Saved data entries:

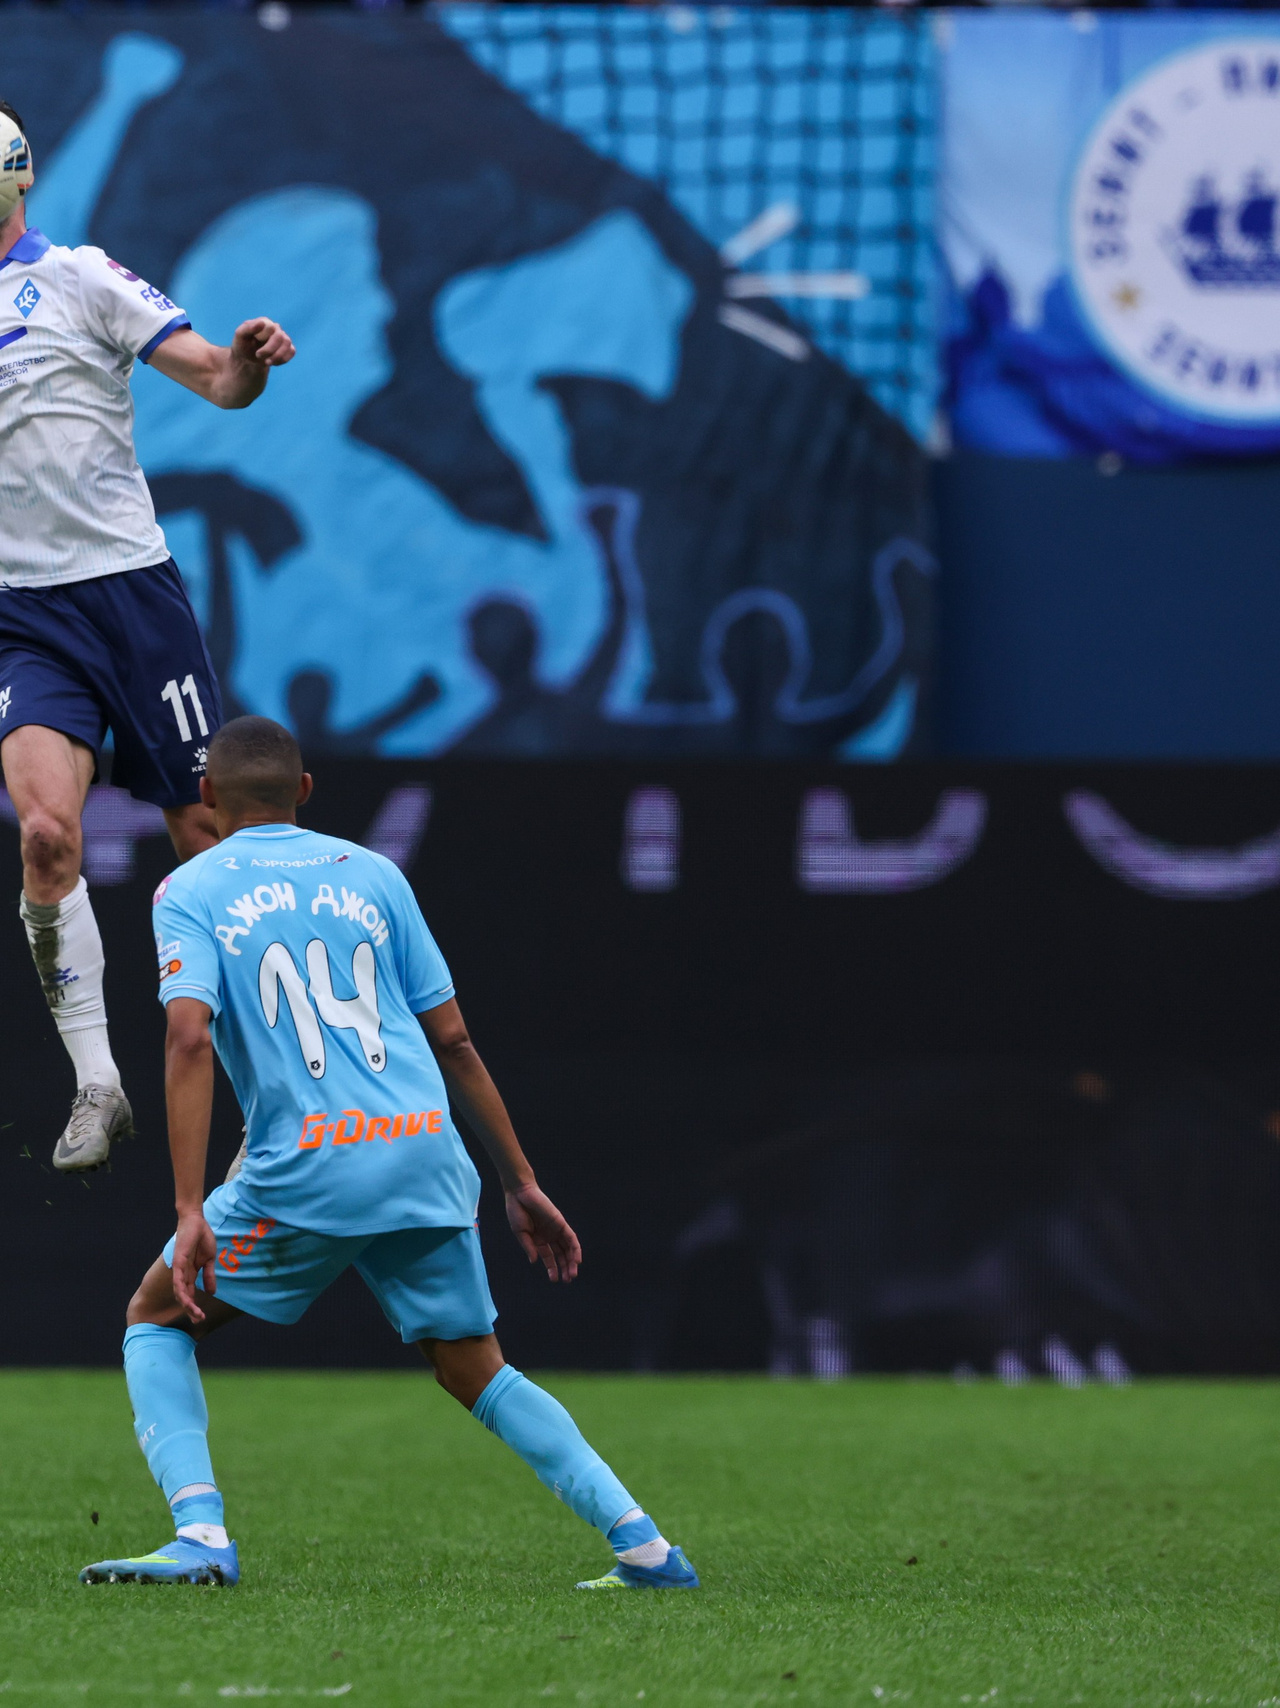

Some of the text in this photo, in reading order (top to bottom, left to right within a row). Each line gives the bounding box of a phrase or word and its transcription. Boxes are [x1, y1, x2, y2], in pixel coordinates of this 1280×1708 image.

[161, 674, 209, 743] 11
[250, 854, 332, 869] АЭРОФЛОТ
[215, 882, 296, 956] ДЖОН
[311, 884, 389, 947] ДЖОН
[258, 938, 387, 1079] 14
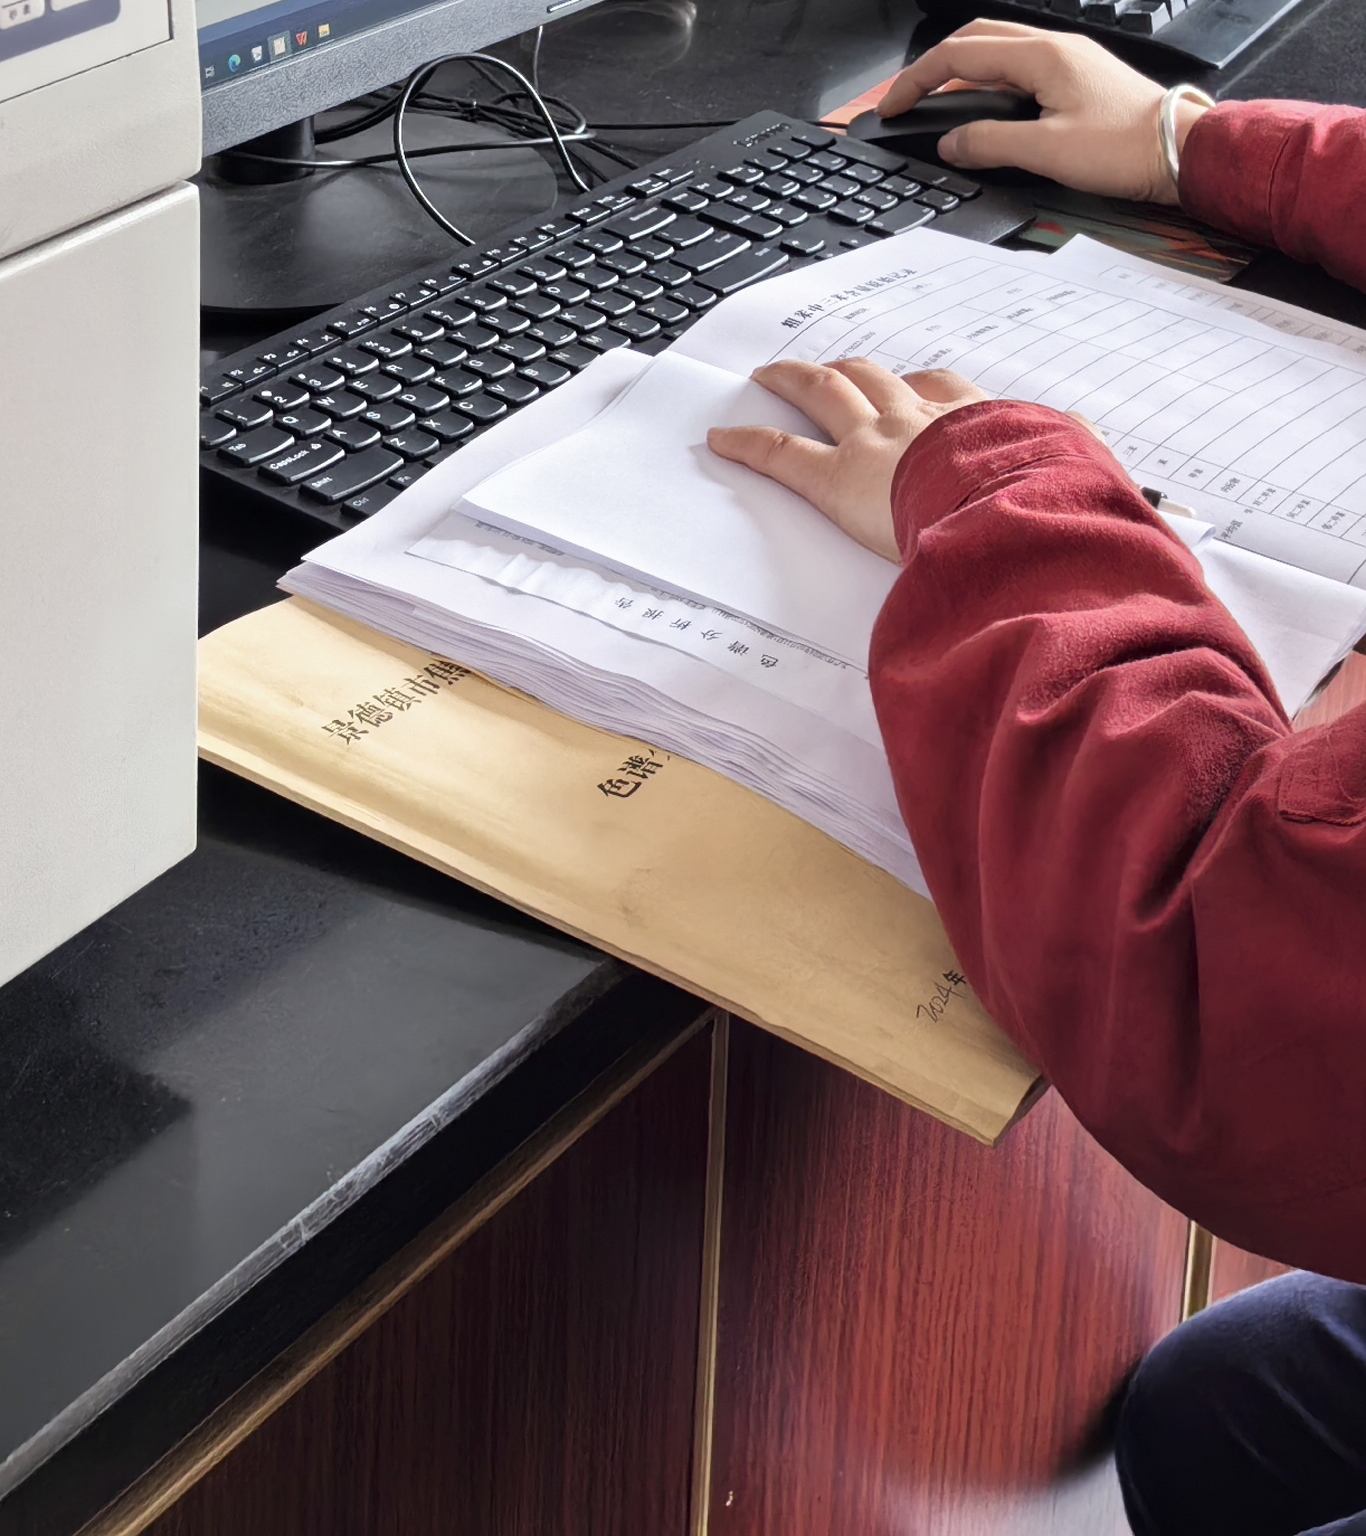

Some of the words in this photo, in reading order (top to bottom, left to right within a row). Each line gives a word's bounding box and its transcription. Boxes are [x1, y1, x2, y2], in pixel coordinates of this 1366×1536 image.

[562, 311, 577, 321] K
[452, 331, 466, 341] Y
[419, 346, 435, 356] T
[499, 342, 515, 353] H
[468, 358, 484, 367] G
[386, 363, 404, 373] R
[524, 367, 538, 377] B
[353, 380, 369, 390] E
[435, 375, 450, 386] F
[491, 384, 505, 393] V
[273, 395, 288, 404] 2
[317, 395, 335, 407] W
[401, 393, 417, 402] D
[459, 401, 475, 410] C
[281, 415, 299, 424] Q
[366, 410, 382, 420] S
[424, 418, 441, 428] X
[332, 428, 348, 439] A
[228, 441, 247, 452] Tab
[390, 437, 406, 448] Z
[351, 496, 370, 508] Ctrl
[612, 594, 781, 670] 色谱分析报告
[596, 748, 672, 799] 色谱
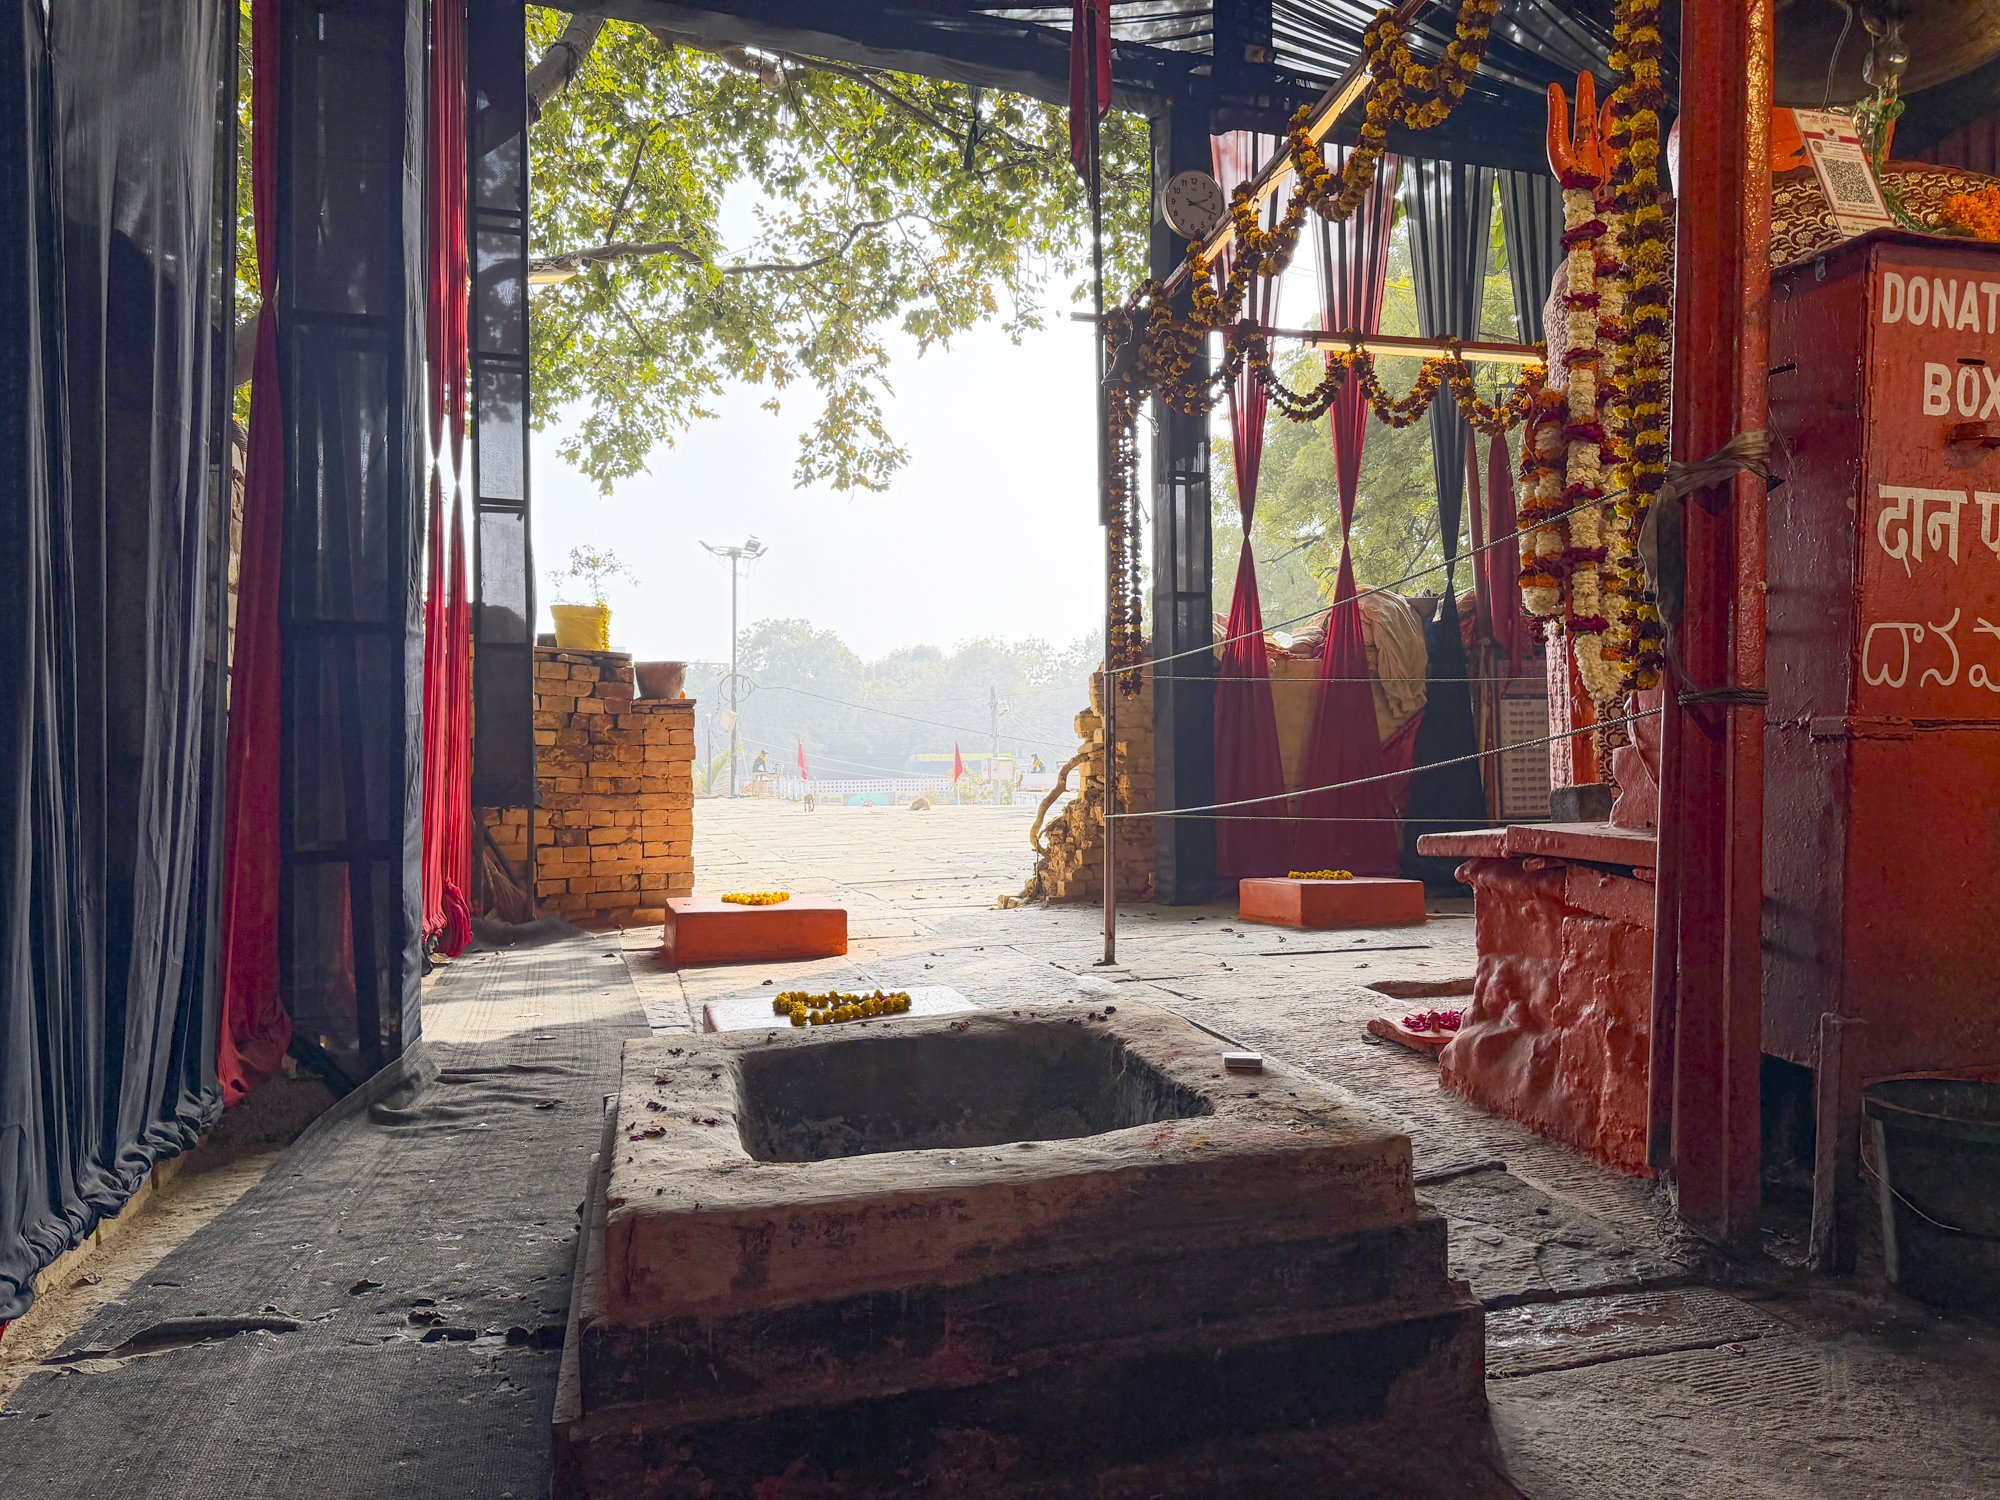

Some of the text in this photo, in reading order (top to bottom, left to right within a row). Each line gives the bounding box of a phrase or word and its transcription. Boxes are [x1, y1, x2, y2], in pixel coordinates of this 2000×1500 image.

▶ **Instructions for the task**
The data above, line by line: transcribe it exactly and drop the pictures.

▶ **Task answer**
Some of the text in this photo, in reading order (top to bottom, left to right within a row). Each line gives the bounding box of a phrase or word and its transcription. Boxes are [x1, y1, x2, y2], in pixel coordinates of this 1280×1708 image.

[161, 674, 209, 743] 11
[250, 854, 332, 869] АЭРОФЛОТ
[215, 882, 296, 956] ДЖОН
[311, 884, 389, 947] ДЖОН
[258, 938, 387, 1079] 14

Some of the words in this photo, in reading order (top to bottom, left to right within a row). Each line gives a word's bounding box and its transcription. Boxes are [x1, y1, x2, y2], in pixel coordinates of this 1366×1536 image.

[562, 311, 577, 321] K
[452, 331, 466, 341] Y
[419, 346, 435, 356] T
[499, 342, 515, 353] H
[468, 358, 484, 367] G
[386, 363, 404, 373] R
[524, 367, 538, 377] B
[353, 380, 369, 390] E
[435, 375, 450, 386] F
[491, 384, 505, 393] V
[273, 395, 288, 404] 2
[317, 395, 335, 407] W
[401, 393, 417, 402] D
[459, 401, 475, 410] C
[281, 415, 299, 424] Q
[366, 410, 382, 420] S
[424, 418, 441, 428] X
[332, 428, 348, 439] A
[228, 441, 247, 452] Tab
[390, 437, 406, 448] Z
[351, 496, 370, 508] Ctrl
[612, 594, 781, 670] 色谱分析报告
[596, 748, 672, 799] 色谱

Some of the text in this photo, in reading order (top to bottom, left to right within a row). Each line gives the bounding box of a phrase or word and its transcription. Boxes are [x1, y1, x2, y2], in pixel coordinates of this 2000×1500 image.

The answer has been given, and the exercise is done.